At Plaintiff's June 27, 2006, 9B Hearing regarding the May 3, 2006 incident, Plaintiff claimed that he was delayed because of the shipper's delay and he needed to review the Standard Job Procedure Manual. At her March 3, 2010 deposition, Ms. Balakir admitted that she did not investigate Plaintiff's claim of shipper error before the 9B Hearing. At his March 3, 2010 deposition, Mr. Dudek testified that a discipline would not be issued if there was a problem that made it impossible to get the work done. After the 9B Hearing, Plaintiff's suspension was converted to a discharge.
Defendant issued this manual to employees to advise as to the exact procedures it wanted followed for cutting slabs.
Plaintiff grieved his discharge, but the Board of Arbitration found that Defendant had proper cause to discharge him for failing to complete his work on May 3, 2006.
Brian Junkens, a Caucasian burner, received three notices of discipline and a three day suspension for his failure to meet the production requirements on May 1, 2, and 3, 2006. Mr. Dudek testified at his March 3, 2010 deposition that Mr. Junkens had a prior disciplinary record for not burning the required amount of slabs. Nonetheless, he was not terminated for his failure to meet the production requirements in May 2006.
In his statement of Genuine Issues of Material Fact, Plaintiff represents that Mr. Junkens informed Mr. Pavlik that he was intentionally failing to meet the production requirement. However, the deposition testimony that Plaintiff cites does not support this assertion and Plaintiff has failed to provide any other evidence supporting that Mr. Junkens was intentionally failing to meet the production requirement.
On June 25, 2007, Plaintiff filed a Charge of Discrimination with the Equal Employment Opportunity Commission ("EEOC") naming the Union as the respondent. In the Charge, Plaintiff alleged that he was discriminated against on the basis of his disability in violation of the ADA. The EEOC issued Plaintiff a right to sue letter on October 31, 2007.
ANALYSIS
In support of its Motion for Summary Judgment, Defendant contends that Plaintiff's Title VII claims are untimely as they were not included in his EEOC charge and Plaintiff cannot prove a prima facie case of race discrimination or retaliation under § 1981. The Court evaluates each argument in turn.
A. Timeliness of Plaintiff's Title VII Claims
"As a general rule, a Title VII plaintiff cannot bring claims in a lawsuit that were not included in [his] EEOC charge." Cheek v. Western Southern Life Ins. Co., 31 F.3d 497, 500 (7th Cir. 1994). The purpose of this requirement is to promote the resolution of the dispute by settlement or conciliation and to ensure that the sued employers receive adequate notice of the charges against them. Id. at 500.
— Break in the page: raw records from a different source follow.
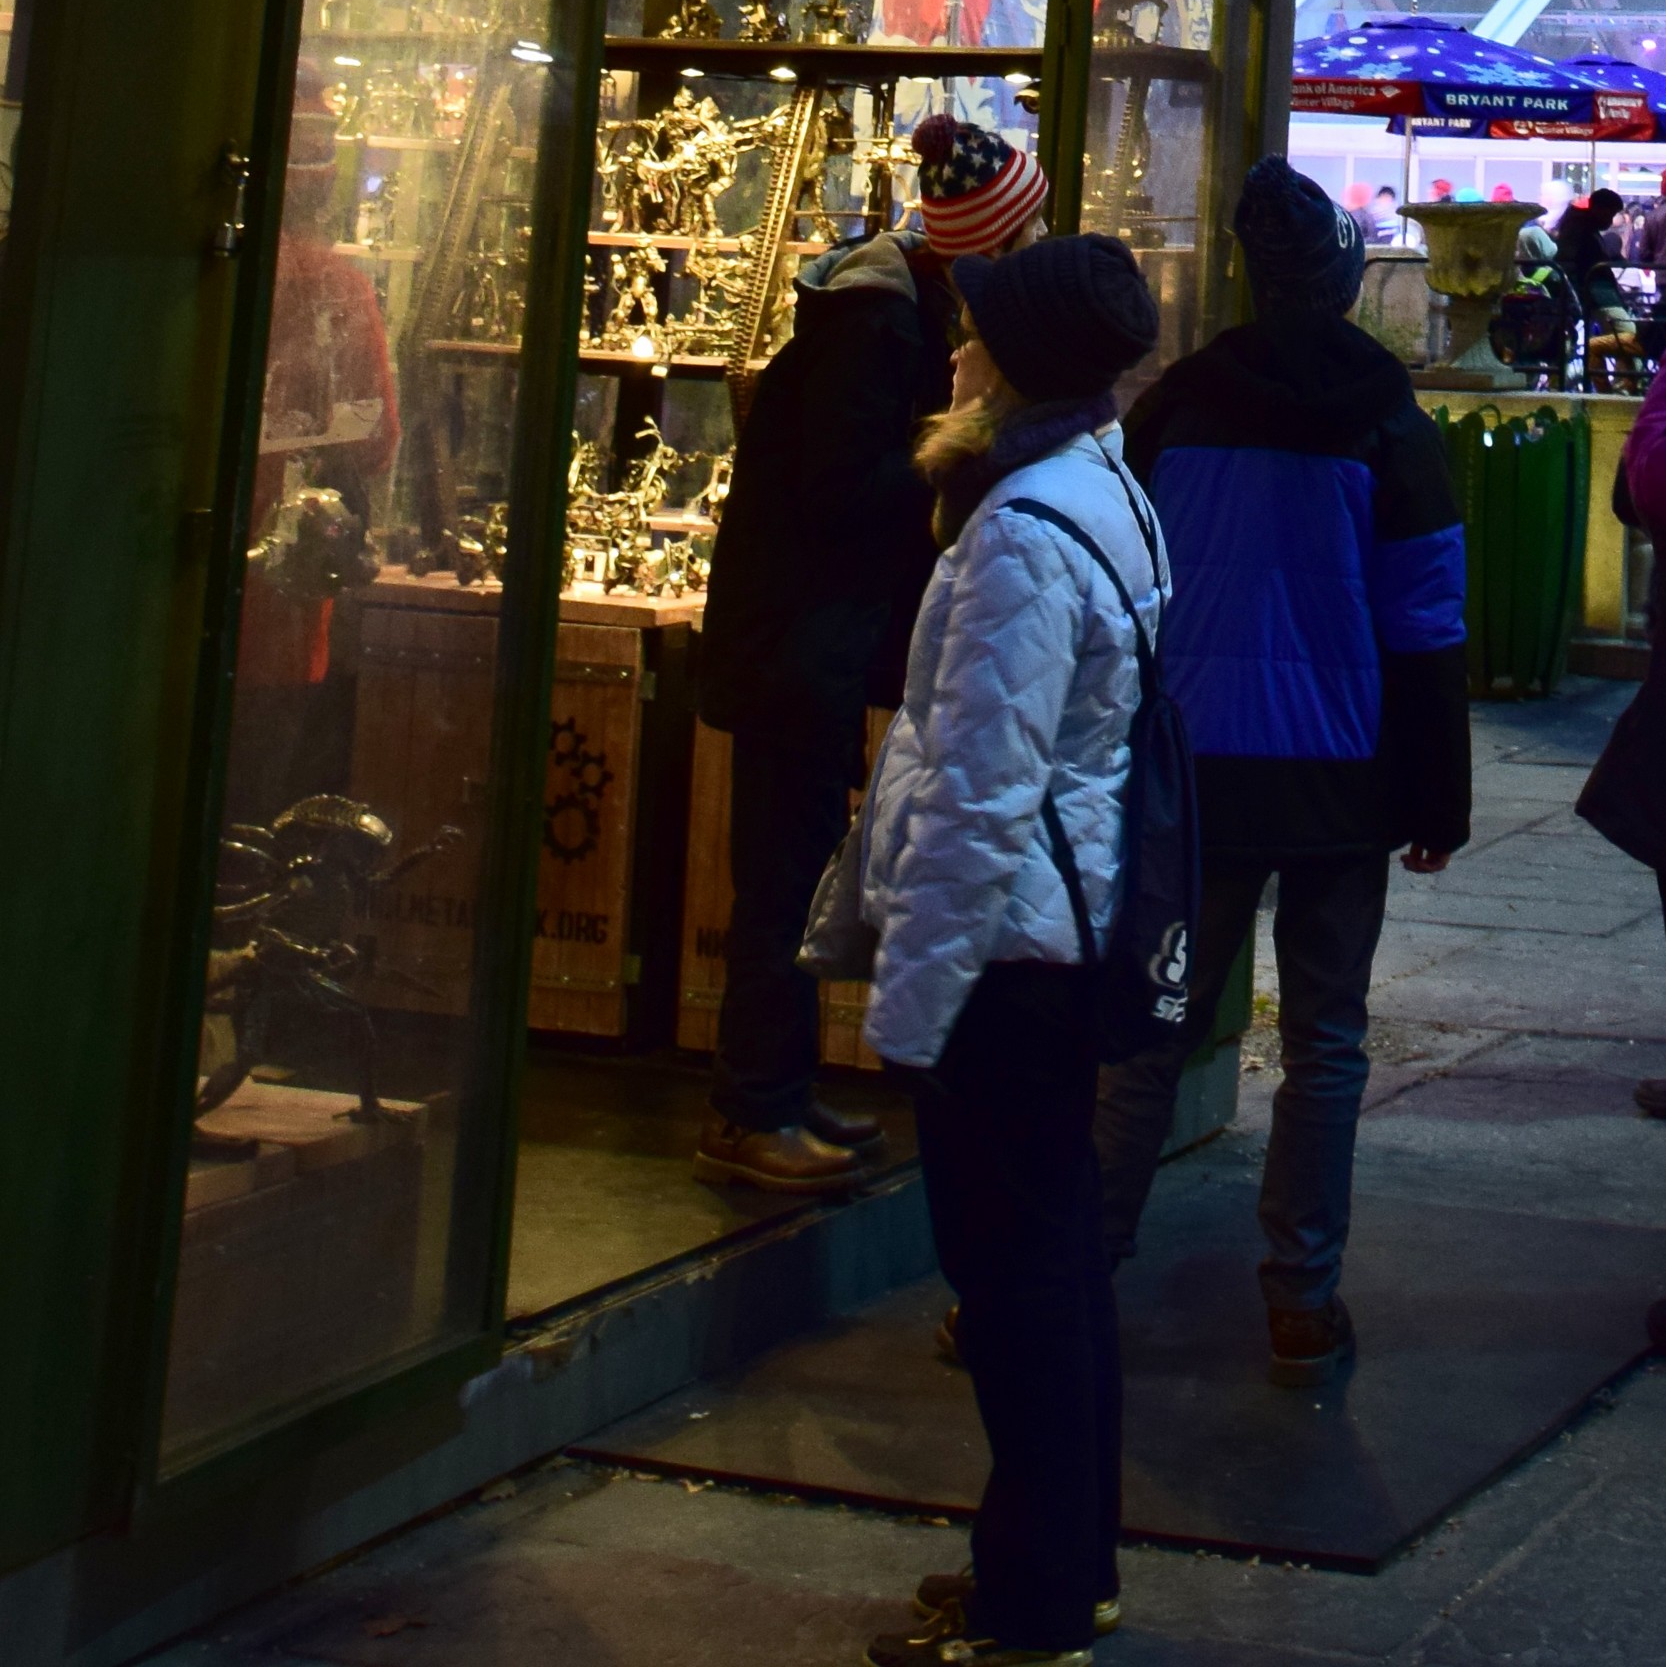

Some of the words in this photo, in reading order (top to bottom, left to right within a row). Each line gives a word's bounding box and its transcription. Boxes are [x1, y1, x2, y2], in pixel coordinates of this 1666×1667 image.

[1317, 82, 1328, 95] of
[1328, 84, 1377, 97] America
[1322, 97, 1356, 110] Village
[1445, 93, 1516, 107] BRYANT
[1523, 97, 1569, 112] PARK
"In order to further the goals of Title VII and given the fact that laypersons rather than lawyers usually are the ones initiating these charges, `a Title VII plaintiff need not allege in an EEOC charge each and every fact that combines to form the basis of each claim in her complaint.'" Teal v. Potter, 559 F.3d 687, 691 (7th Cir. 2009) (quoting Cheek, 31 F.3d at 500). Further, Title VII plaintiffs can litigate claims not explicitly included in the EEOC charge if the allegations fall within the scope of the plaintiff's allegations contained in the EEOC charge. Cheek v. Peabody Coal Co., 97 F.3d 200, 202 (7th Cir. 1996). In determining whether the allegations in the complaint fall within the scope of the EEOC charge, the Court considers whether they are "like or reasonably related to" those contained in the EEOC charge. Id. This is a liberal standard that is satisfied if there is a reasonable relationship between the allegations in the charge and those in the complaint, and the claims in the complaint could reasonably be expected to be discovered in the course of the EEOC's investigation. Teal, 559 F.3d at 692.
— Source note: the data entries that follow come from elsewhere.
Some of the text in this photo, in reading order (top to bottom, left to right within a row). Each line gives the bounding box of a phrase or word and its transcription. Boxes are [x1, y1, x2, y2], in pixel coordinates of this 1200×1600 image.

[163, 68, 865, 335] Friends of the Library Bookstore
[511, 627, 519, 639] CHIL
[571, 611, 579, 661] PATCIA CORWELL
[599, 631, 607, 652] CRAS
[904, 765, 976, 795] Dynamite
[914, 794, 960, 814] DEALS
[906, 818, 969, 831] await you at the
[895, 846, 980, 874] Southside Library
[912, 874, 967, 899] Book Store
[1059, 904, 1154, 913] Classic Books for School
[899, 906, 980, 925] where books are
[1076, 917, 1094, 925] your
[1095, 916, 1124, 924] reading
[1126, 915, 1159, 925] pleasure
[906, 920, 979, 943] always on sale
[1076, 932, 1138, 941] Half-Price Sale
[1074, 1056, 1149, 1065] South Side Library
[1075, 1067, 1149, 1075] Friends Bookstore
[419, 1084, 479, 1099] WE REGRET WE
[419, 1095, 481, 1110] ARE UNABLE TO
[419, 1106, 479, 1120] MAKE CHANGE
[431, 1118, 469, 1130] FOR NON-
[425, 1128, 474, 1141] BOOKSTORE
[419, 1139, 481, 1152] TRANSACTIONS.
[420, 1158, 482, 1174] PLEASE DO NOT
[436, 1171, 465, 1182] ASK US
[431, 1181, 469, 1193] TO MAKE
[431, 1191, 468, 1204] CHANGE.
Here, Defendant argues that Plaintiff's EEOC Charge only alleges that the Union violated the ADA and, therefore, does not name Defendant United States Steel in the Charge and does not include allegations of race discrimination or retaliation, thereby providing notice to Defendant, opportunity for Defendant to respond, or provide the EEOC with an opportunity to investigate these claims. Assuming for the sake of argument that the Plaintiff's allegations properly put Defendant on notice of the allegations in the EEOC Charge, after reviewing Plaintiff's Complaint and the EEOC Charge, the Court concludes that Plaintiff's Title VII claims are not reasonably related to the claims raised in his EEOC Charge.
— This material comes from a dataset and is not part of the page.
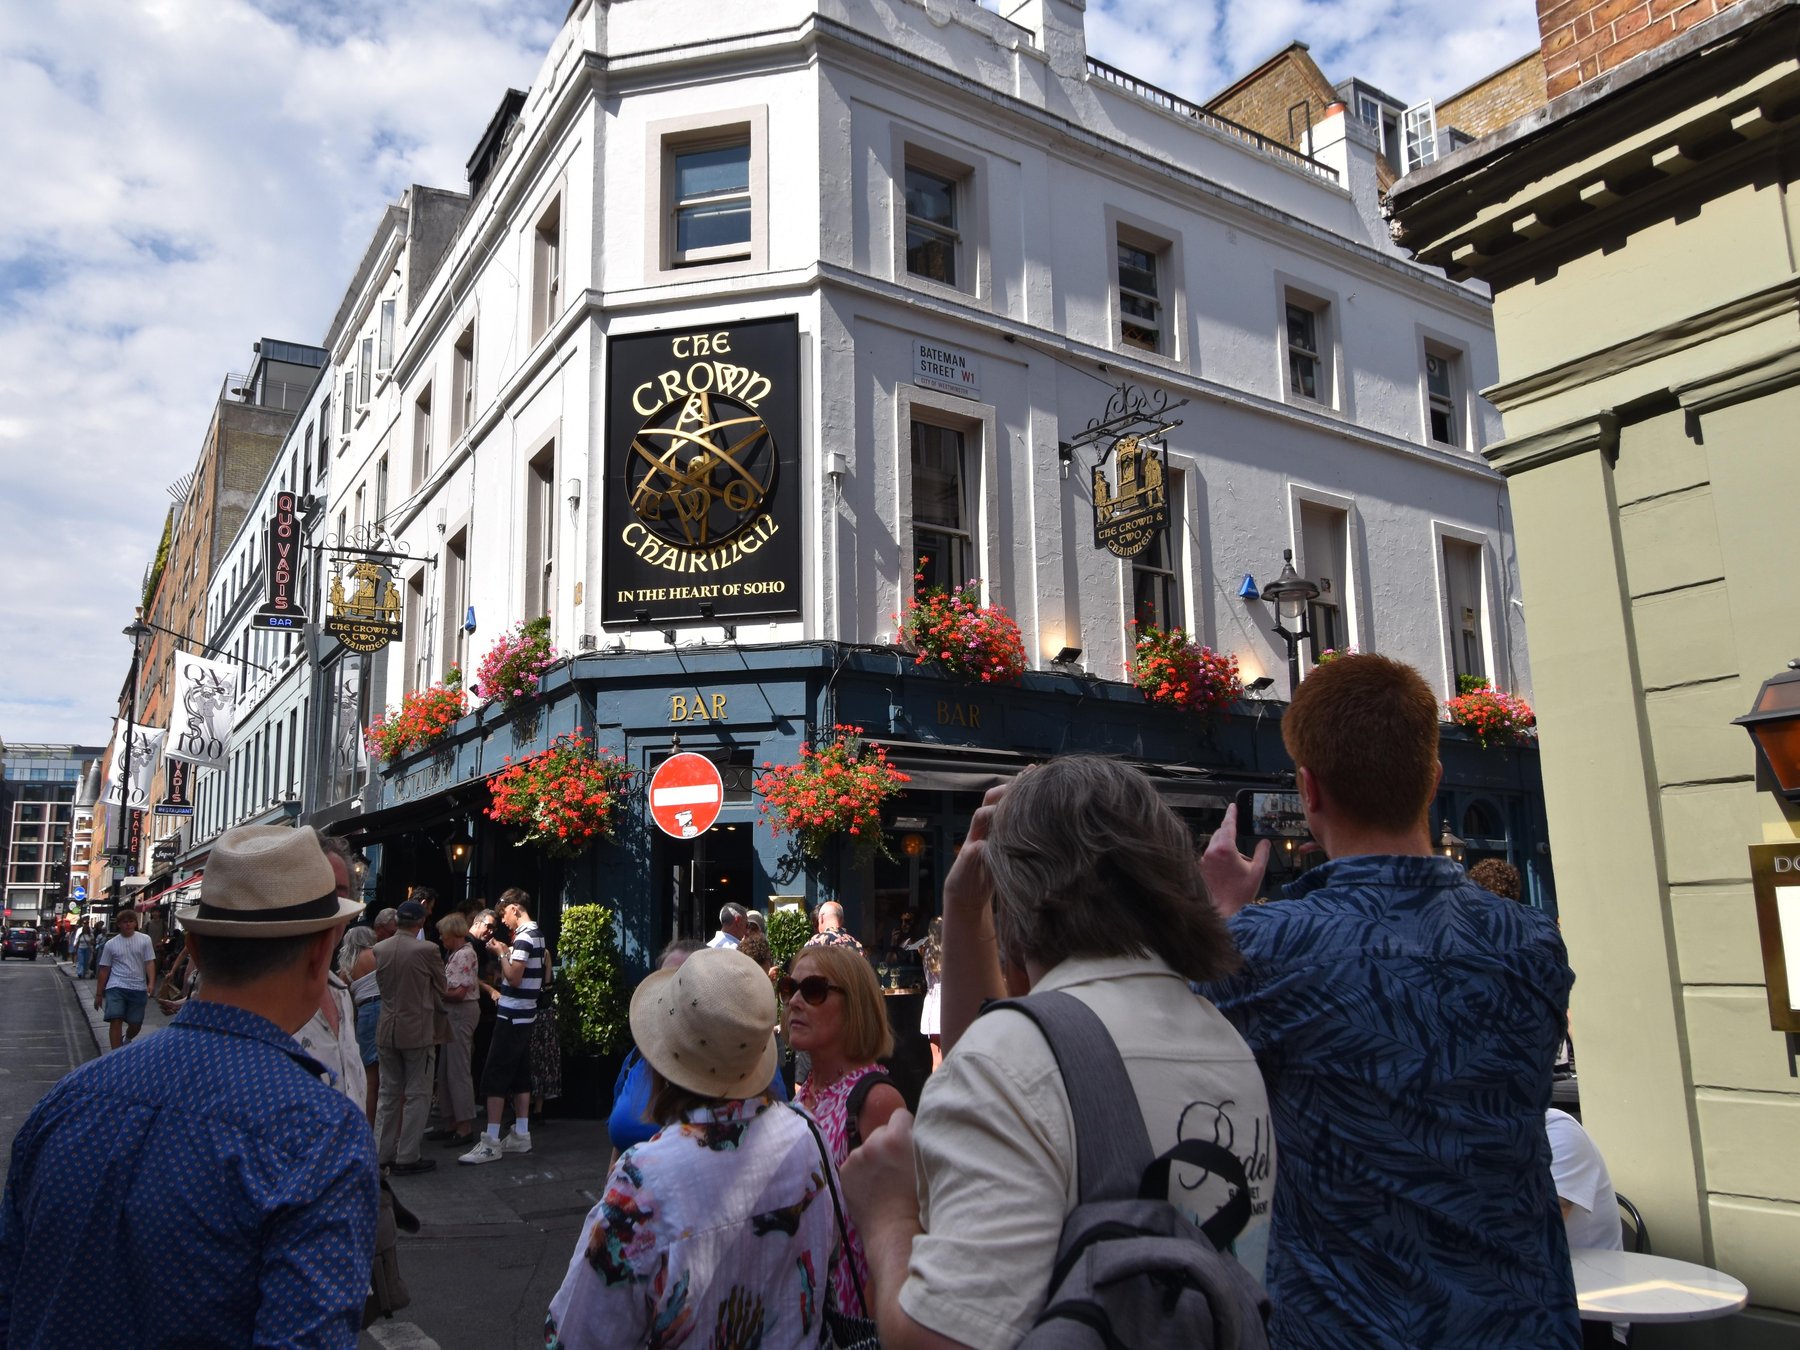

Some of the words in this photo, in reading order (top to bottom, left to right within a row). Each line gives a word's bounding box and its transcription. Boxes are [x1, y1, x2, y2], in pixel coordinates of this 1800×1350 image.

In the June 25, 2007 EEOC Charge, Plaintiff failed to check the boxes for race and retaliation. Further, in the narrative section of the Charge, Plaintiff failed to include any allegation of race discrimination or retaliation, instead focusing on alleged disability discrimination under the ADA. Accordingly, Plaintiff's allegations of race discrimination and retaliation under Title VII are not like or reasonably related to his disability discrimination allegations contained in his EEOC Charge. Therefore, there is no reasonable relationship between the allegations in the Plaintiff's EEOC Charge and those in his Complaint, and the Title VII claims cannot be reasonably expected to have been discovered in the course of the EEOC's investigation. Teal, 559 F.3d at 692; see also Ujoh v. Potter, No. 09-cv-343-JPG, 2009 WL 4800207, at *3 (S.D. Ill. Dec. 10, 2009) (finding that Title VII claims were not reasonably related to claims of physical disability where the plaintiff failed to check the boxes on the charge regarding discrimination or provide a factual basis upon which to draw a relationship between the types of discrimination alleged); Baker v. Indiana Family Social Services Admin., 260 F. Supp. 2d 731, 735 (S.D. Ind. 2003) (finding that claims were not like or reasonably related where they alleged different conduct, plaintiff failed to check the applicable box on the Charge, and did not include the alleged discrimination in the narrative section of his Charge).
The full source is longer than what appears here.